Ademais, a aplicação da norma prevista no art. 38 do CDC às relações concorrenciais, além de não se mostrar necessária, diante do quanto previsto no art. 373, § 1º, do CPC, poderia – paradoxalmente – ser utilizada, em determinadas circunstâncias, justamente como instrumento anticoncorrencial. Com efeito, o abuso do direito de ação é uma das formas pelas quais se pode revestir a infração à ordem econômica.

Em conduta que ficou conhecida pelo termo em inglês sham litigation, o agente econômico pode se valer de litígio simulado – cuja solução, a rigor, lhe seria irrelevante – para prejudicar a atividade de um pequeno concorrente, que passa a ter que se defender em processo longo e dispendioso, com resultado incerto.

Nesses casos, o processo é utilizado não com o fim de obter o provimento jurisdicional, mas, sim, como meio de dificultar a atividade do concorrente ou mesmo de barrar a entrada de novos competidores no mercado.

Nesse contexto, a inversão automática do ônus da prova prevista pelo art. 38 do CDC poderia facilitar o abuso do direito de ação, incentivando esse tipo de estratégia anticoncorrencial, uma vez que, a partir do ajuizamento de demanda frívola, o ônus da prova estaria direta e automaticamente imposto ao concorrente com menor porte econômico.

10.2.3. Resultado final.

A disposição do Código de Defesa do Consumidor acerca do ônus probatório da veracidade e correção da informação ou comunicação publicitária, a princípio, não se aplica em demanda envolvendo concorrência desleal.

DIREITO AMBIENTAL

11.  Eficácia retroativa da Lei n. 12.651/2012 e reconhecimento de situações consolidadas e a regularização ambiental de imóveis rurais levando em conta suas novas disposições

AGRAVO INTERNO NO RECURSO ESPECIAL

A eficácia retroativa da Lei n. 12.651/2012 permite o reconhecimento de situações consolidadas e a regularização ambiental de imóveis rurais levando em conta suas novas disposições, e não à luz da legislação vigente na data dos ilícitos ambientais.

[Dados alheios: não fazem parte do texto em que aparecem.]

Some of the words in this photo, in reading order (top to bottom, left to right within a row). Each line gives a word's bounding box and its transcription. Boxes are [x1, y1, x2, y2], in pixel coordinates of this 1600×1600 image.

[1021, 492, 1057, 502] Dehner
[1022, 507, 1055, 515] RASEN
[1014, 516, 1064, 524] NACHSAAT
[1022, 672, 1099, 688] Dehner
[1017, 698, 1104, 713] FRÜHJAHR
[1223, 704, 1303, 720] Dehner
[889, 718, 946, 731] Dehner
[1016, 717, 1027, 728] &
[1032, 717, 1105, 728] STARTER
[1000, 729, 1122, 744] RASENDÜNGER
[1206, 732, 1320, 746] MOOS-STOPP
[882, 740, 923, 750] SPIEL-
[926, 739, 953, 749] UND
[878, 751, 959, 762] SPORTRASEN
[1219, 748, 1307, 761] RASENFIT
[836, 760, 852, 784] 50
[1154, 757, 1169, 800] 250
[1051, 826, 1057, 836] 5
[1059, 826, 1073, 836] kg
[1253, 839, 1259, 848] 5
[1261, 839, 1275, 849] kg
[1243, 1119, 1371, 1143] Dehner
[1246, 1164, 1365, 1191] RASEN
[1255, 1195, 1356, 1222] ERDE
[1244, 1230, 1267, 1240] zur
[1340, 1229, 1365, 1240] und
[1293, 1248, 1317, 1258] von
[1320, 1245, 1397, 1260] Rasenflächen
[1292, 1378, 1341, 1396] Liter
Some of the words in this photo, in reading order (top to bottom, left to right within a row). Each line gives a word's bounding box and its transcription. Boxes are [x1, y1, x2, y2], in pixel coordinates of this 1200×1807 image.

AgInt no REsp 1.668.484-SP, Rel. Ministro Manoel Erhardt (Desembargador convocado do TRF da 5ª Região), Primeira Turma, por unanimidade, julgado em 5/12/2022, DJe 7/12/2022. (Info 768)

11.1.                   Situação FÁTICA.

O MP ajuizou ação civil pública objetivando a observância do disposto no antigo Código Florestal no que diz respeito ao cômputo das áreas de preservação permanente no cálculo do percentual de Reserva Legal. O juiz competente julgou improcedente os pedidos. Em apelação, o tribunal local negou provimento ao recurso do parquet. Inconformado, o MP interpôs recurso especial no qual sustenta a irretroatividade da Lei 12.651/2012 frente aos ilícitos ambientais cometidos antes de sua vigência.

11.2.                   Análise ESTRATÉGICA.

11.2.1. Questão JURÍDICA.

Lei n. 12.651/2012:

Art. 61-A. Nas Áreas de Preservação Permanente, é autorizada, exclusivamente, a continuidade das atividades agrossilvipastoris, de ecoturismo e de turismo rural em áreas rurais consolidadas até 22 de julho de 2008.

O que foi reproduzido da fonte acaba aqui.